Why a Phoenix is the Ideal Cofounder?


Photo Credit — Karim Manjra

Have you ever heard about the story of the Choluteca bridge? It perfectly exemplifies the gist of this article. It was built in a region prone to extreme weather conditions with strong winds, hurricanes, and frequent floodings. The Honduras government commissioned the best Japenese architectural minds to make the Choluteca bridge undestroyable! And guess what? They succeeded! In 1998 a category 5 hurricane hit. All bridges in the country were ruined except Choluteca… The problem was that the region got the equivalent of 6 months of rain in a few days. This extreme and unexpected situation made the river change course. So the bridge stood strong but there was no river beneath it anymore! 😐


This is pretty much what happened to companies like Kodak, Toys’R’Us, Nokia… 

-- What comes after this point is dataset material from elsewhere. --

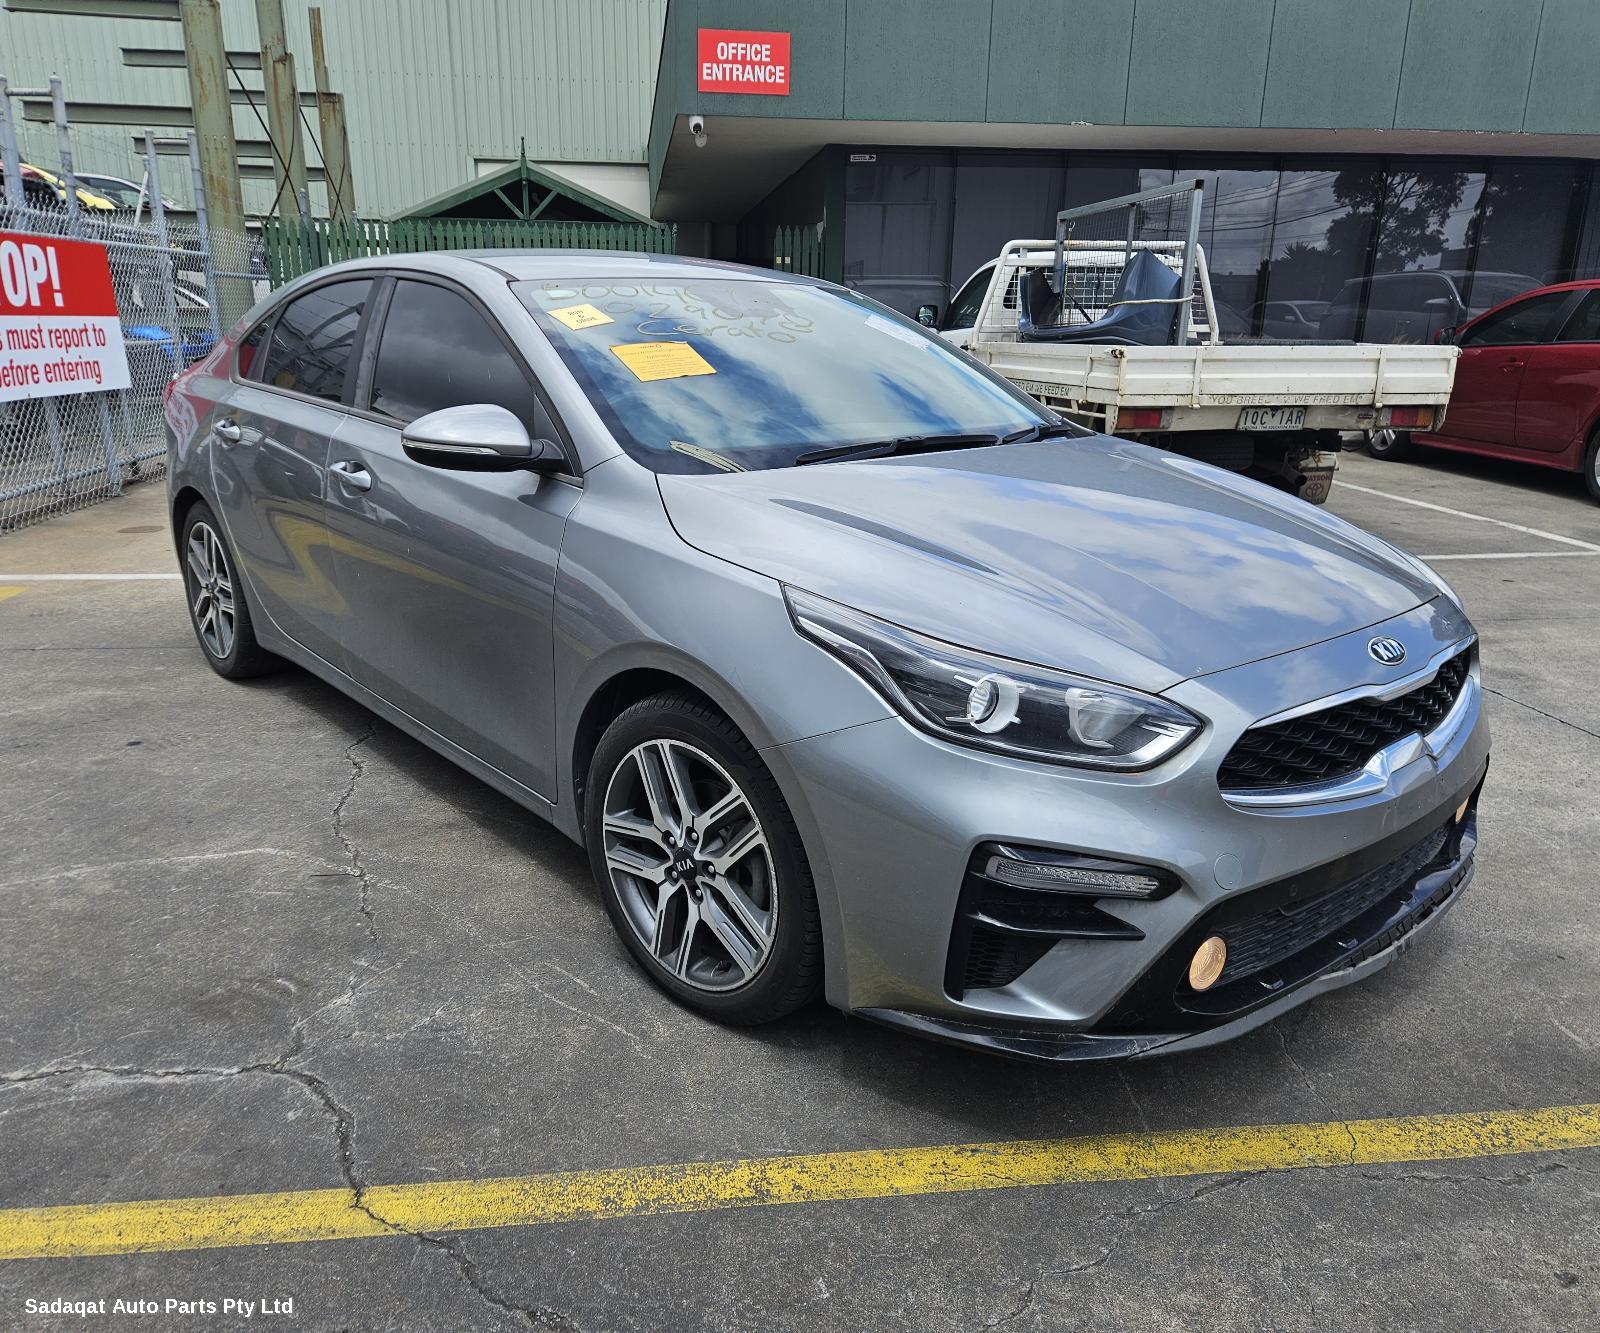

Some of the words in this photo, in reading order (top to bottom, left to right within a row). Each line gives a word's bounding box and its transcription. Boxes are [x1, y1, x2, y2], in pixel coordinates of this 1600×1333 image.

How come? What did they lack that much?!

  • …smart people on board? No.
  • …ambition? Not at all.
  • …financing? Neither.
  • …technology? Not at all… Kodak invented the digital camera, Nokia the smartphone…”

What went wrong then? Giving it a second thought, they lacked:

  1. An open-mind to spot trends obvious to everybody else.
  2. The courage to re-question established ways and reinvent themselves.

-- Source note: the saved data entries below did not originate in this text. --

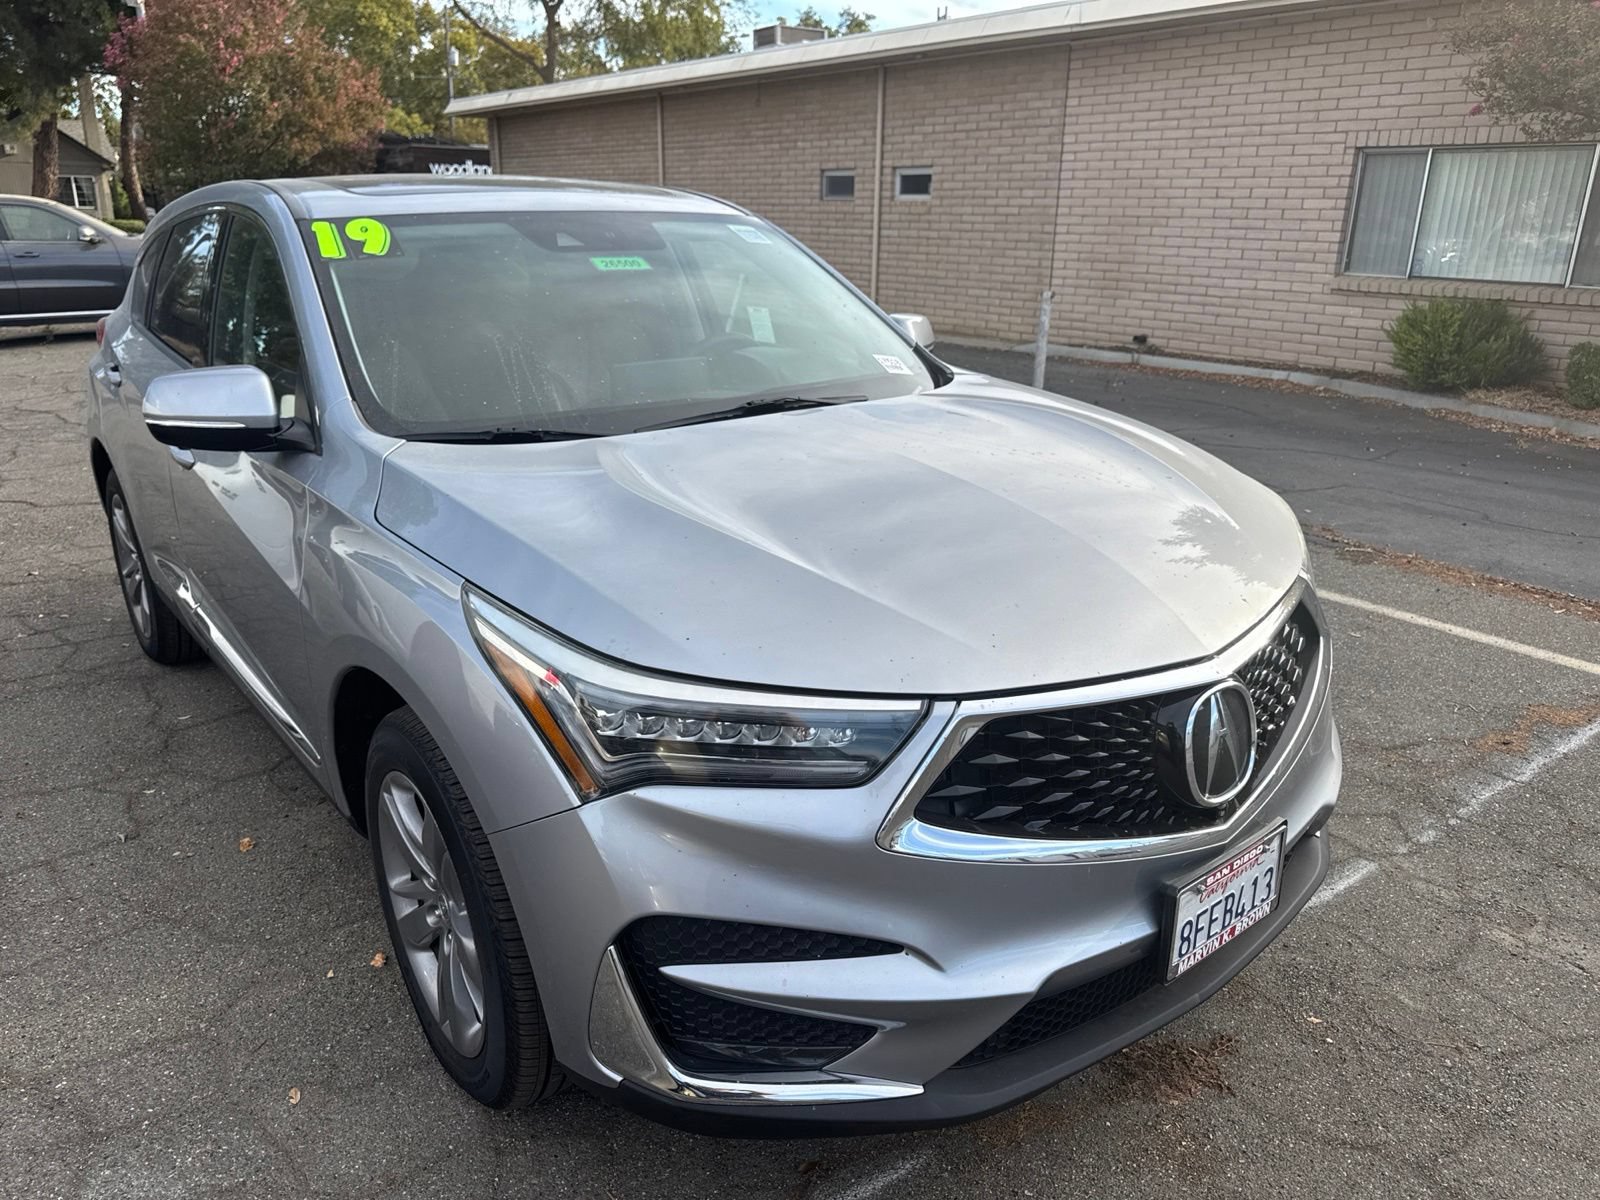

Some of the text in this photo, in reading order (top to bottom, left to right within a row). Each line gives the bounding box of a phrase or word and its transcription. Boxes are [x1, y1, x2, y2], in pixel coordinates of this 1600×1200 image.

[311, 218, 391, 258] 19
[1206, 845, 1264, 885] SAN DIEGO
[1176, 938, 1220, 975] MARVIN
[1235, 903, 1272, 934] BROWN
[1178, 867, 1274, 958] 8FEB413

It wasn’t that much about expertise or competency gap but rather a cultural flaw. How people inside the company behaved as a team.

So…

  • Your best work can’t withstand the test of time…
  • You can’t predict the future…

But…

  • You can choose your cofounder… 😉

And this is what this article is about. How to choose a cofounder that will contribute to building a company that can renew its business model whenever relevant.


Culture eats strategy for breakfast — P. Drucker… and PEOPLE are at the heart of it

Cold water cools down hot water. Hot water warms cold water… The new average temperature is different from both initial states.

Just like interactions in physics are two ways, it’s also true for company culture. Any new joiner is impacted by the company’s culture and in return, it is affected by her/him. The effects of a wrong recruitment can be profoundly detrimental to the business. Back-paddling is often costly in time, money & energy. This is all the more true in the early days of a startup. According to Vinod Khosla, a misstep in the first 5 recruits will, for sure, kill your company.

Things can only get worse when talking about co-founders! As one may argue, finding the right co-founder may be tougher than finding a spouse!

The most usual destiny of business is… failure

Consider the following facts:

  • Startups’ odds of success are very low: 90% go bankrupt in the first 3 years.
  • Success doesn’t guarantee repeated success. If successful companies are rare, repeat success is exceptional. Even when talking about SAP500 companies, again about 90% disappear over the course of 30 years.

The overall bankruptcy rate of a company is… 99%!!!


A few years back and as Paul Graham would say, the key challenge of a startup was to find a business model. In the old world, startups had to do this once in a lifetime, today it is increasingly common to have to adjust (or even reinvent) the business model repeatedly as the market evolves… or a global pandemic hits…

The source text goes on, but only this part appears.